Keunggulan lainnya, menghemat waktu alih teknologi jika dibandingkan cara konvensional yang memulai dengan R&D dulu. Untuk memayungi kegiatan Iptek secara hukum pun telah disahkan Undang-Undang Sistem Nasional Penelitian, Pengembangan, dan Penerapan Ilmu Pengetahuan dan Teknologi (SISNASP3IPTEK). Bahkan sejak 1993 pengembangan Iptek berhasil masuk dalam bidang sendiri di GBHN (sekarang ini kata-kata Iptek sudah dihapuskan lagi dari GBHN). Bapak Habibie juga mendorong terbentuknya Akedemi Ilmu Pengetahuan Indonesia (AIPI) yaitu academy of science-nya Indonesia. Anggotanya terdiri dari ilmuwan-ilmuwan pakar terkemuka Indonesia. Harapannya ikut membantu merumuskan dan memantau arah pengembangan ilmu pengetahuan Indonesia. Meskipun akhirnya lembaga ini kurang terdengar gaung dan perannya. Diluar itu, B.J Habibie juga merangkul industri swasta nasional yang juga melakukan pendalaman penguasaan Iptek dengan cara yang mereka terapkan sendiri. Contohnya adalah Grup Texmaco, milik pengusaha keturunan India, Marimutu Sinivasan. Texmaco dengan strategi pendalaman industri yang lebih dikenal dengan “pohon industri” dengan penguasaan teknologi makin lama makin dalam dan bergerak dari hilir ke hulu. Yang awalnya sebagai industri tekstil,Texmaco mulai membangun industri logam, untuk membuat spare part dari mesin-mesin tekstil mereka yang rusak, dalam rangka substitusi impor. 

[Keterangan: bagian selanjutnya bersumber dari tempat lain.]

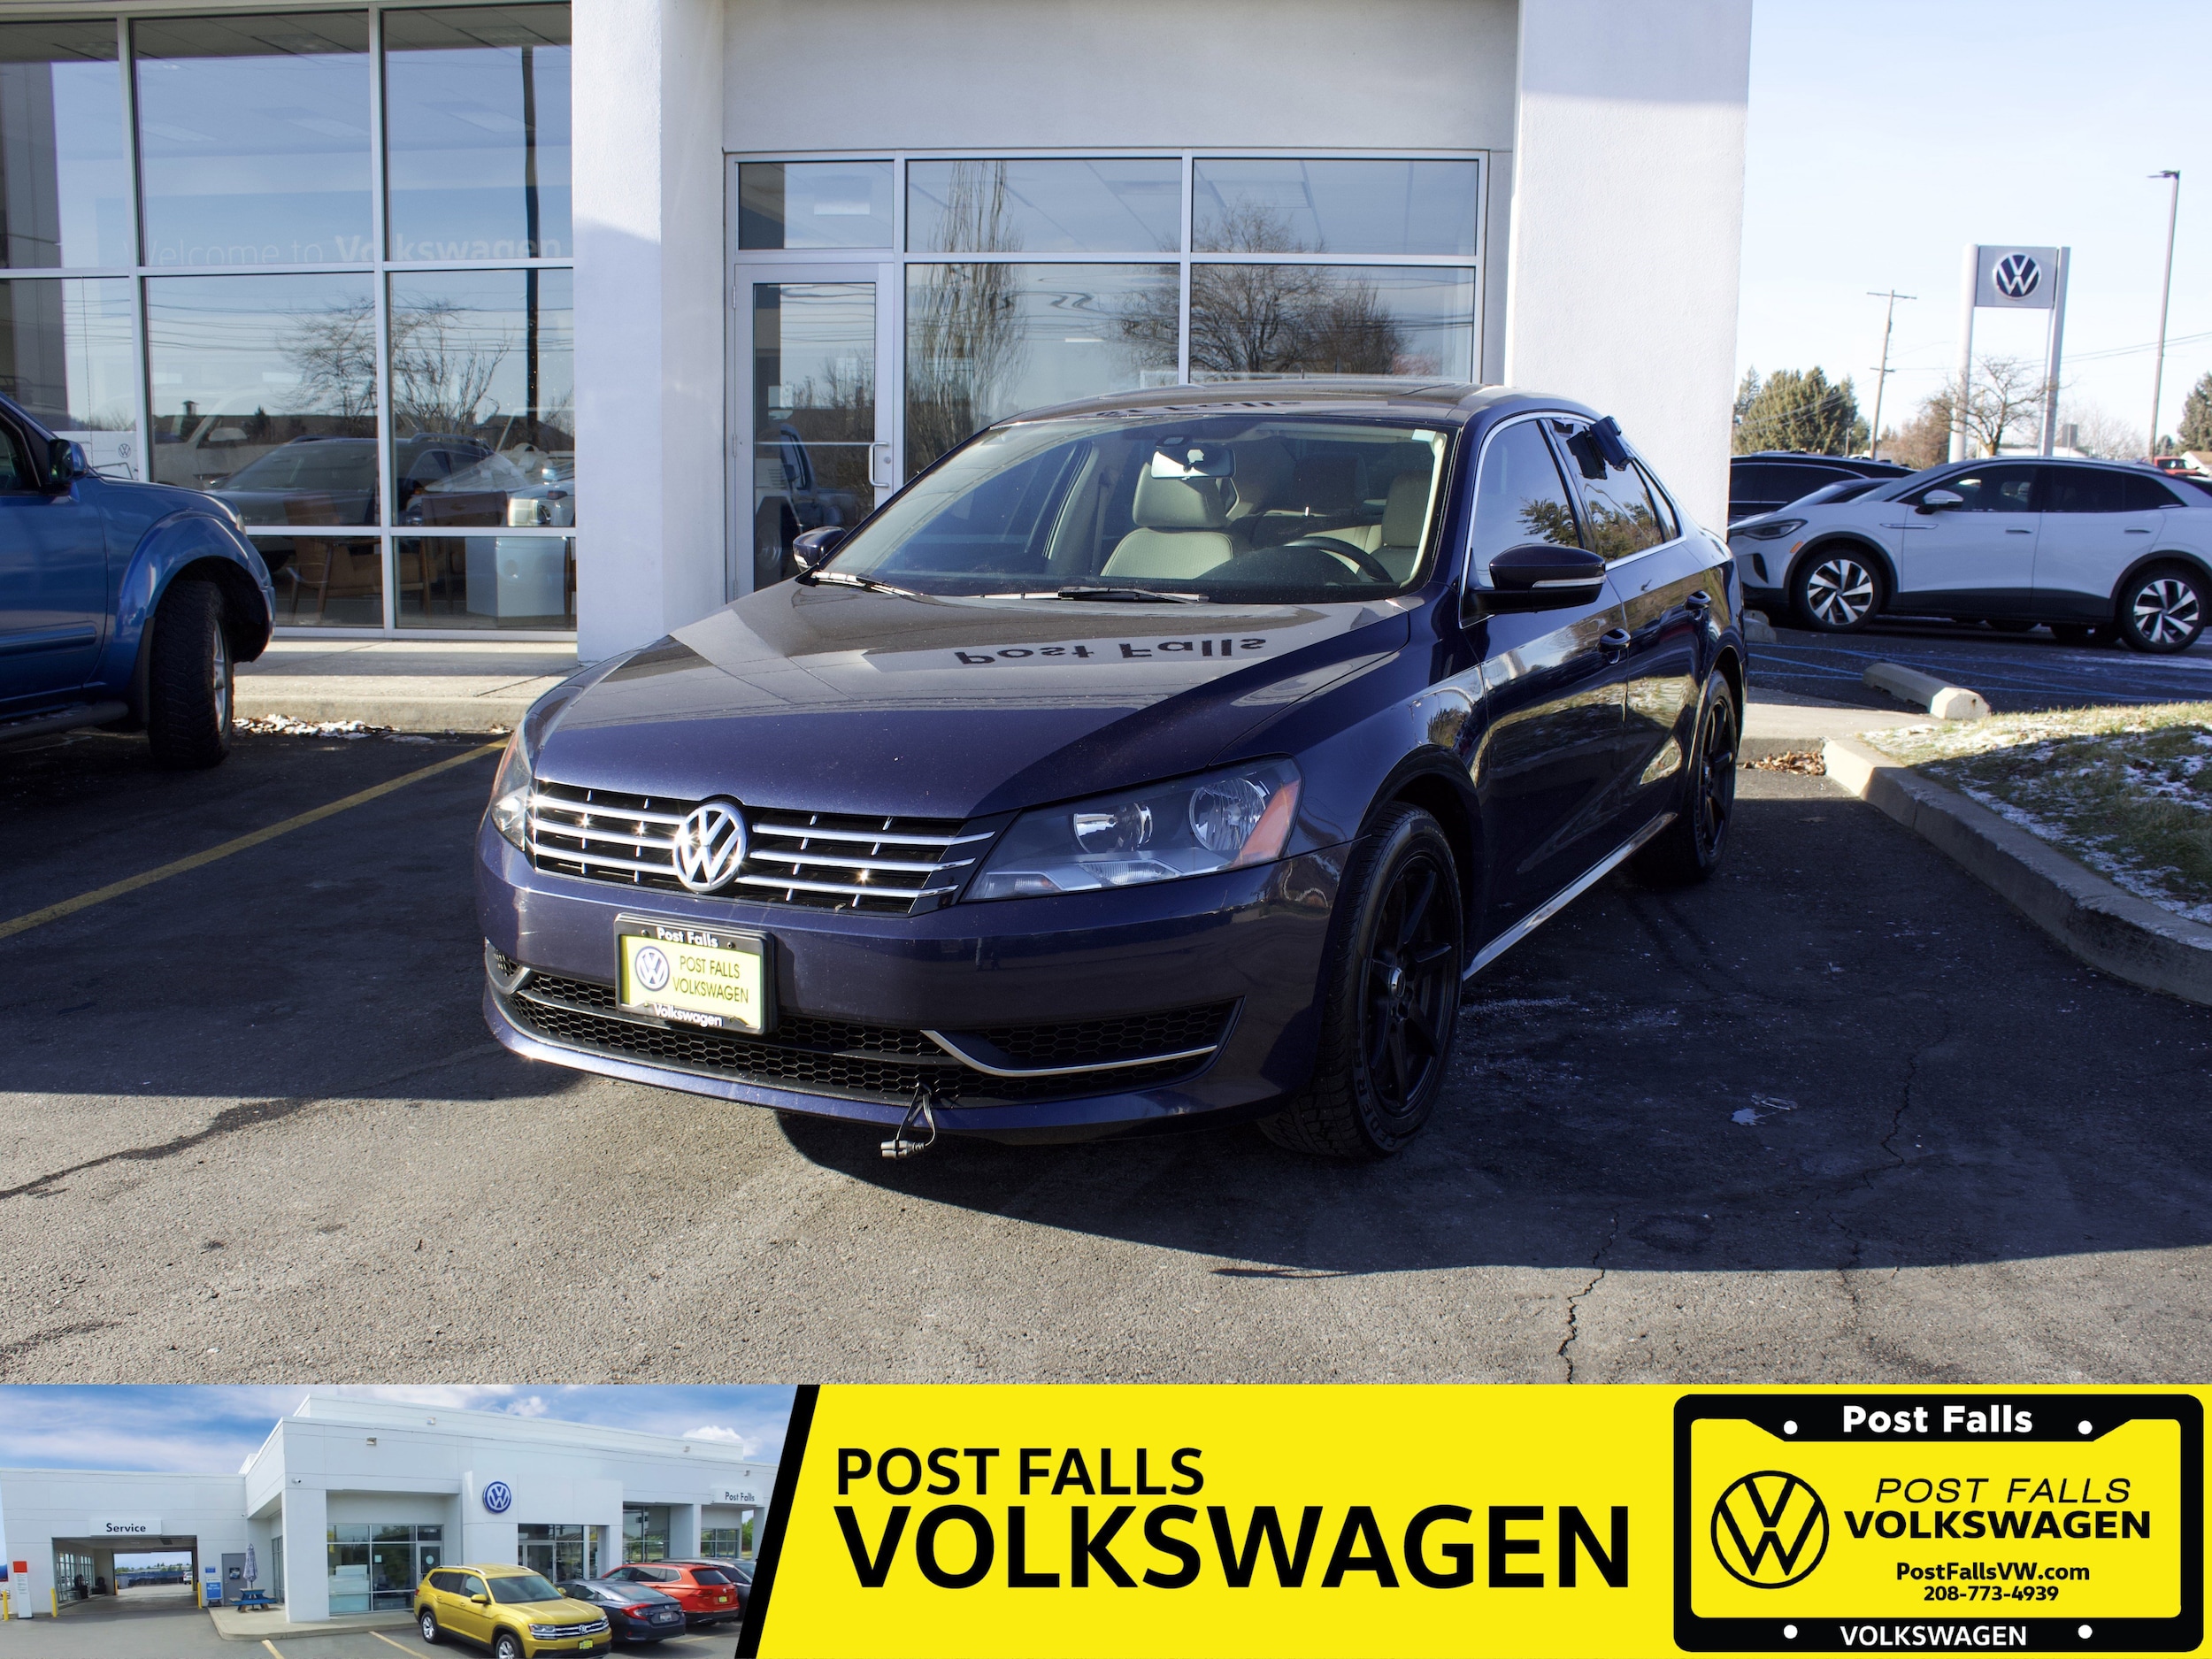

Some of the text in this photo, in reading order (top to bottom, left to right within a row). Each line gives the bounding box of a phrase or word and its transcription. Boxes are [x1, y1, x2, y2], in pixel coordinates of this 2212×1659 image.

[291, 240, 323, 263] to
[335, 233, 562, 262] Vokswagen
[1993, 252, 2041, 301] VW
[673, 803, 747, 892] VW
[657, 926, 718, 949] Post Falls
[680, 956, 740, 979] POST FALLS
[672, 977, 749, 1003] VOLKSWAGEN
[654, 1002, 723, 1027] Volkswagen

Sampai akhirnya Texmaco berani membuat mesin tekstil itu sendiri. Bahkan terus bergerak ke hulu dengan memproduksi mesin-mesin yang digunakan dalam pembuatan mesin tekstil itu sendiri, semisal mesin CNC. Setelah terjadinya krismon tahun 1997 dan lengsernya Habibie dari dunia politik, Warisan yang ditinggalkan Habibie sungguh suatu aset yang sangat berharga sebagai modal pembangunan Iptek ke depannya. Jika negara-negara jiran ingin mengejar Indonesia, tak akan mudah dilakukan hanya dengan menyiapkan sumber daya manusia-sumber daya manusia iptek dalam jumlah besar. Butuh infrastruktur Iptek yang lengkap dan kuat seperti yang sudah Indonesia punya dan juga strategi penguasaan Iptek yang jelas dan sistematis. Sedang Indonesia sudah punya semua itu, tinggal melanjutkan saja dan akselerasi mengingat ekonomi makro Indonesia makin baik dan stabilitas politik yang kian mapan. 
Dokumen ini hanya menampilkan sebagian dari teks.